The principle verification check currently used by the Applicant is a ‘zero tracking limit’, being a cumulative amount of zero adjustment that the user is prepared to allow before an alarm is raised to bring the user's attention to the weighing system. This cumulative amount is compared to the last manually initiated Zero Adjustment which becomes the reference for the Limit Alarm. The zero tracking limit might be, for example, 3.0%. This is to say that if the new candidate zero setting now proposed is different by 3.0% or more to the last manually established zero setting then this new candidate zero constant is not allowed, an alarm is raised and the zero is limited to the alarm trigger level. The weigh frame might have been slowly being weighed down with process material and the alarm summons the user to check the weighing system and either clean down the weigh frame or re-zero the weighing system manually, thus re-establishing the reference point for the zero tracking alarm.
Another verification check presently used by the Applicant is the ‘zero skip’ system where the new candidate zero setting is checked against the last ‘x’ zero attempts and when all these agree within y % then the new candidate zero constant may be used. For instance, a new zero constant might be required to be within 0.1% when compared to the previous three zero attempts. If a zero is attempted but does not meet this criteria, the zero constant is stored in memory and a display registers an instance of a ‘zero skip’ having occurred. The system could look say at the last three zero attempts, if all attempts met the criteria then they are used as the last three zero tracks, if there were zero skips in the last three attempts the system looks at the last three zeros anyway, whether successful or not. The zero skip system is a good way of keeping zero constants accurate, but if there is a major zero shift it would take ‘x’, for example three with the example settings, zero attempts to establish a new zero.
In real life, zero adjustment opportunities can be very limited due to continuous operation and multiple zero attempts may never happen. However, improved zero tracking is necessary, in an unattended weighing system zero tracking needs to be foolproof otherwise zero tracking can actually exacerbate zero error problems. For example, attempted automatic tracking of a zero adjustment might easily be ‘tricked’ by a trickle of process material or some other transitory affect.
Another significant disadvantage of known prior art systems is that a conveyor belt must complete a full belt revolution to properly detect a zero condition and propose a new zero adjustment.
There is a need for an improved belt weighing system and/or a method of zero adjustment, tracking or determination which addresses or at least ameliorates one or more problems inherent in the prior art.

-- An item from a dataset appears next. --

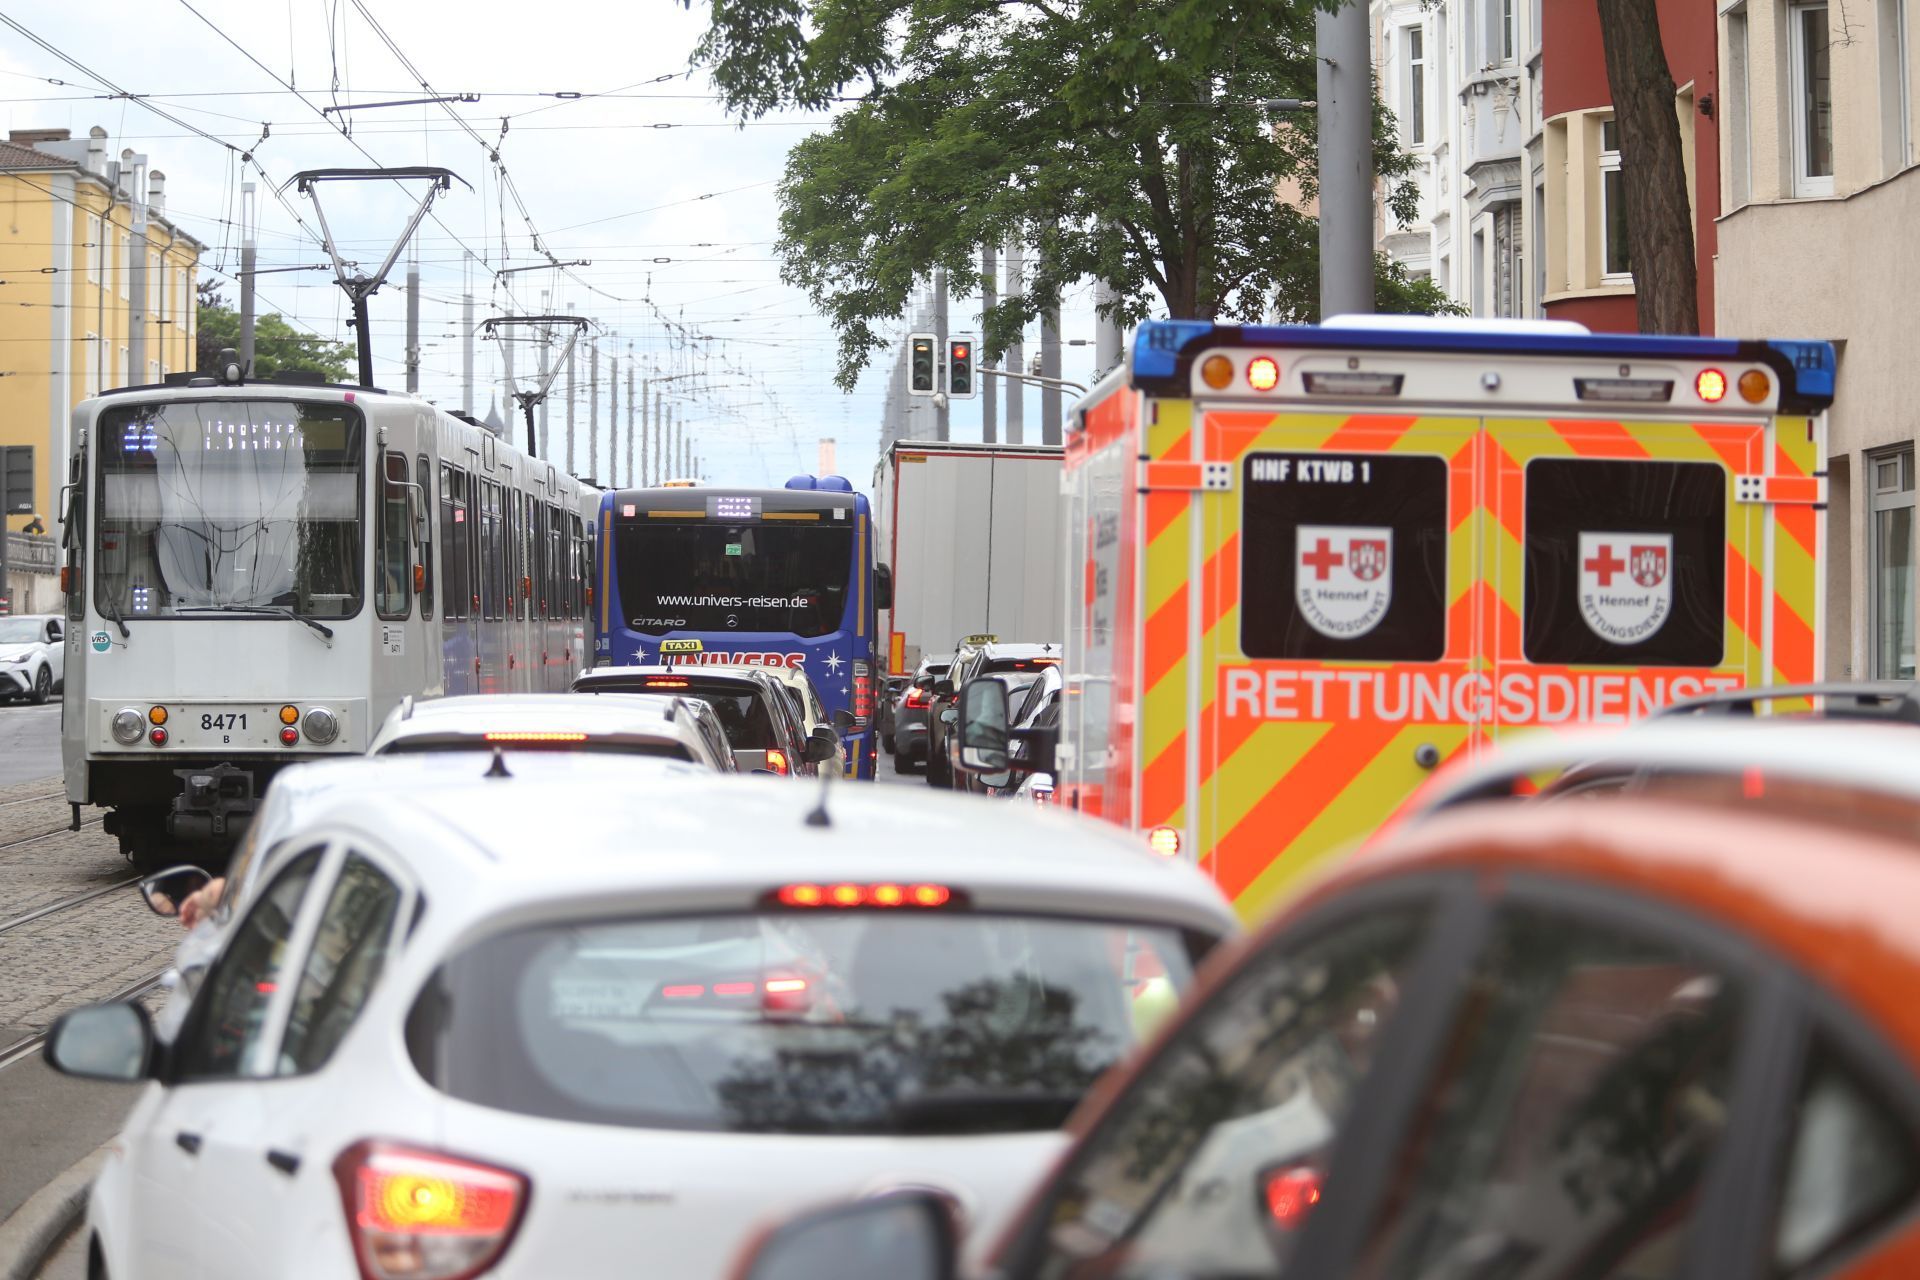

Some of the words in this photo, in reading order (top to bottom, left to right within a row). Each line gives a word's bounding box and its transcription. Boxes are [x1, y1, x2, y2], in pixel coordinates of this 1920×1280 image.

The reference in this specification to any prior publication (or information derived from the prior publication), or to any matter which is known, is not, and should not be taken as an acknowledgment or admission or any form of suggestion that the prior publication (or information derived from the prior publication) or known matter forms part of the common general knowledge in the field of endeavour to which this specification relates.